Unaccredited online medical school

St John's University School of Medicine was a medical school operated by Daniel and Barbara Harrington and their company Interactive Technology Group, Inc. (ITG) of Eugene, Oregon, which was supposedly based in Montserrat, West Indies. It offered online distance education courses such as Neuro Anatomy, Lung Pathology, Cat Lab and Lab Animal Science trainer for a monthly subscription fee, as well as some classes which were taught in Klamath Falls, and Eugene, Oregon. The school is not accredited by any recognized accreditation body. As such, its degrees may not be acceptable to employers or other institutions, and use of degree titles may be restricted or illegal in some jurisdictions.

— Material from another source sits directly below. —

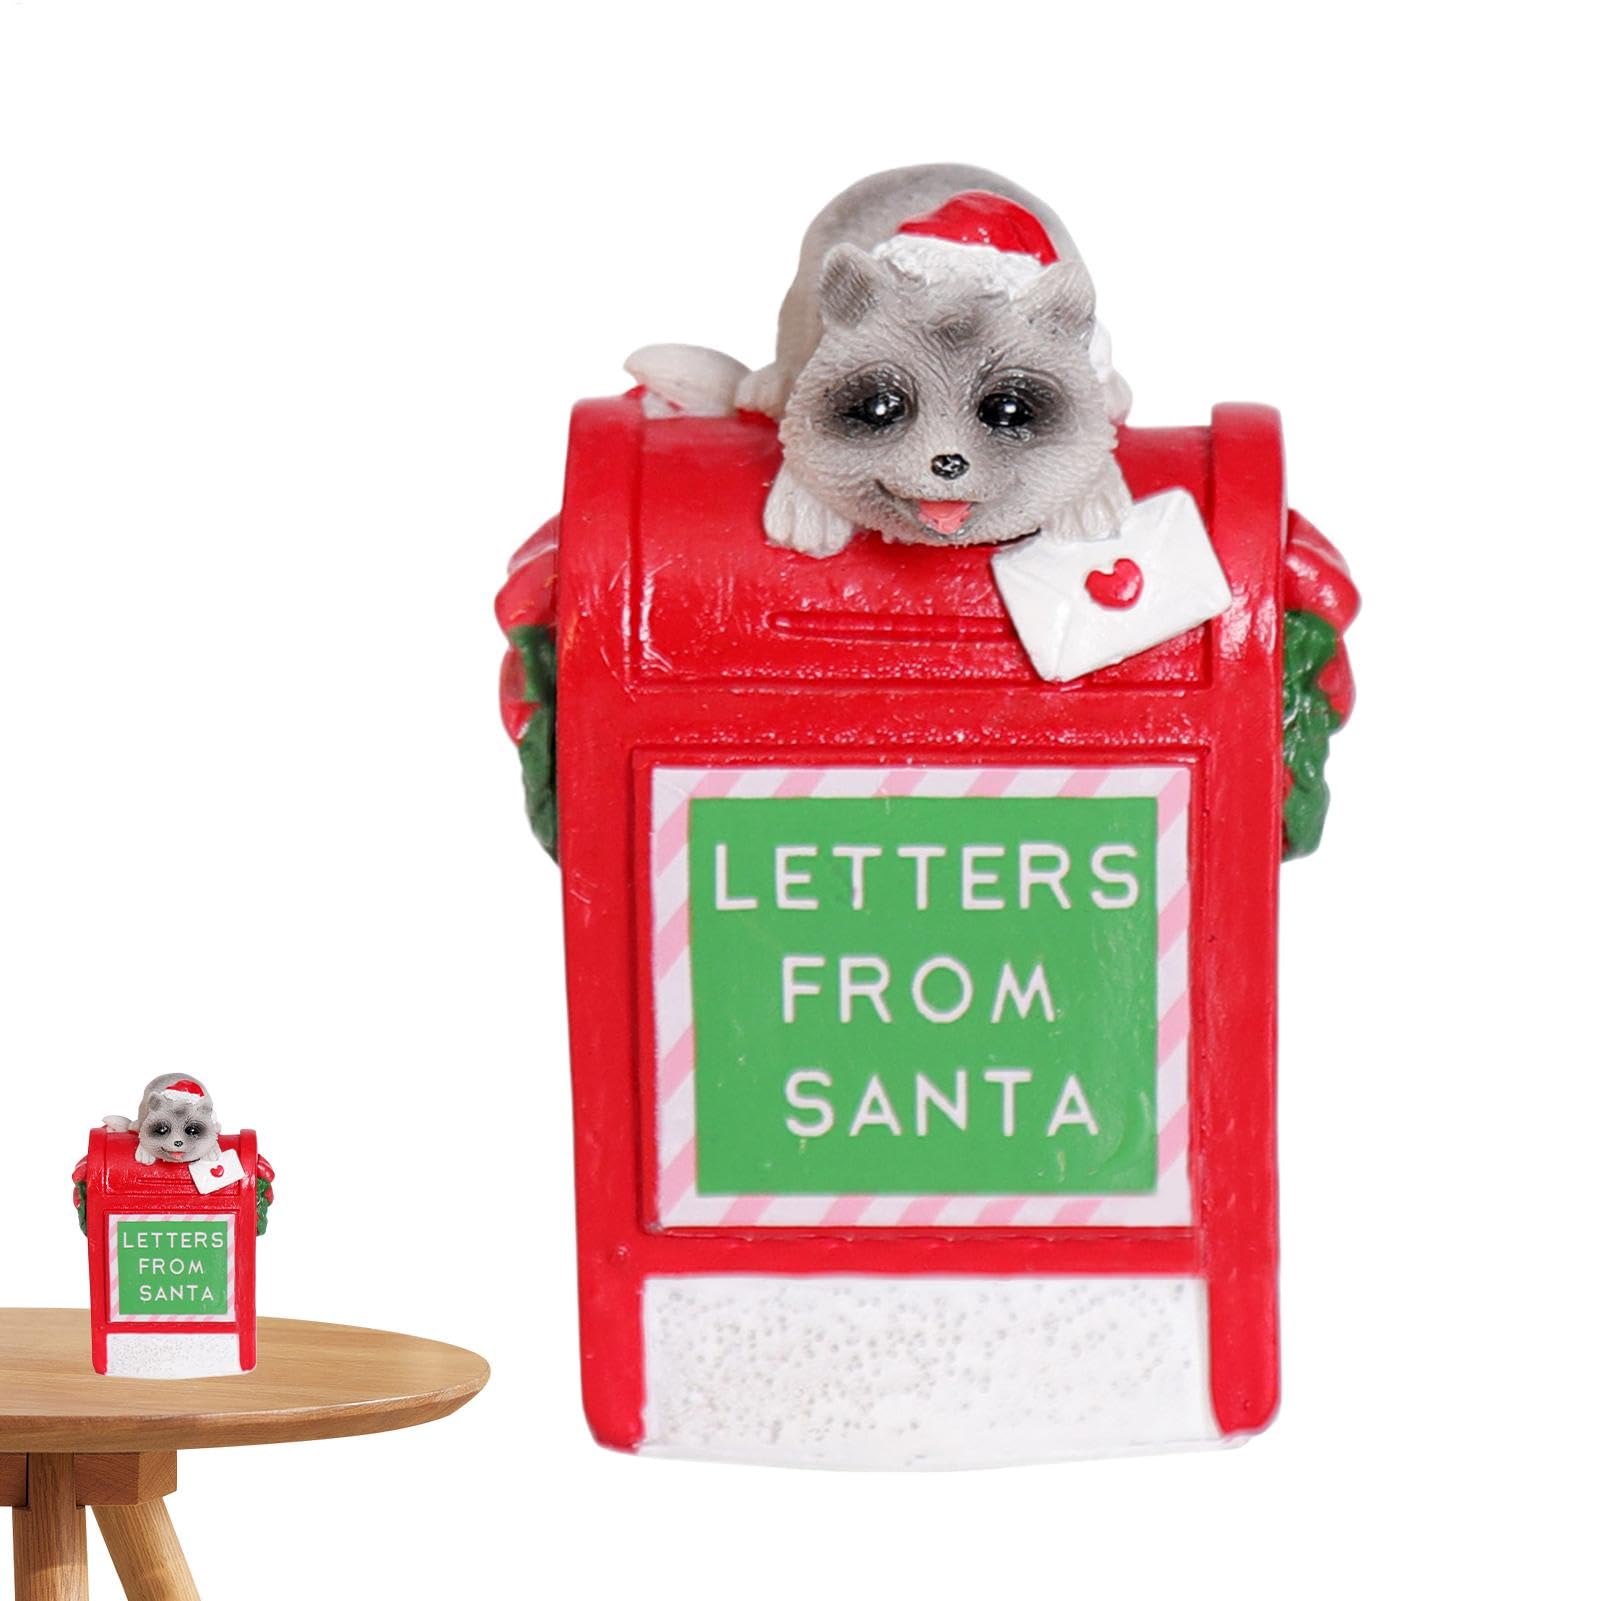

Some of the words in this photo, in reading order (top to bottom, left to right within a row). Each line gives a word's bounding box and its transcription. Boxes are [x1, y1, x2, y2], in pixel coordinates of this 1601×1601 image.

In July 2000, the State of Oregon Department of Justice issued a restraining order and filed a lawsuit to close down the school The lawsuit alleged that school's legal status and medical curriculum had been misrepresented to students and prospective students. Though it claimed to be accredited through St Christopher's College of Medicine of Dakar, Senegal, and Luton, England, according to Oregon authorities, the school was not accredited in Montserrat nor was it accredited through St Christopher's College of Medicine, and it did not offer a curriculum that would qualify students to meet requirements for U.S. medical licensure. The state sought civil penalties, restitution to students, attorneys' fees and investigative costs, and to permanently prohibit the Harringtons from conducting business in Oregon.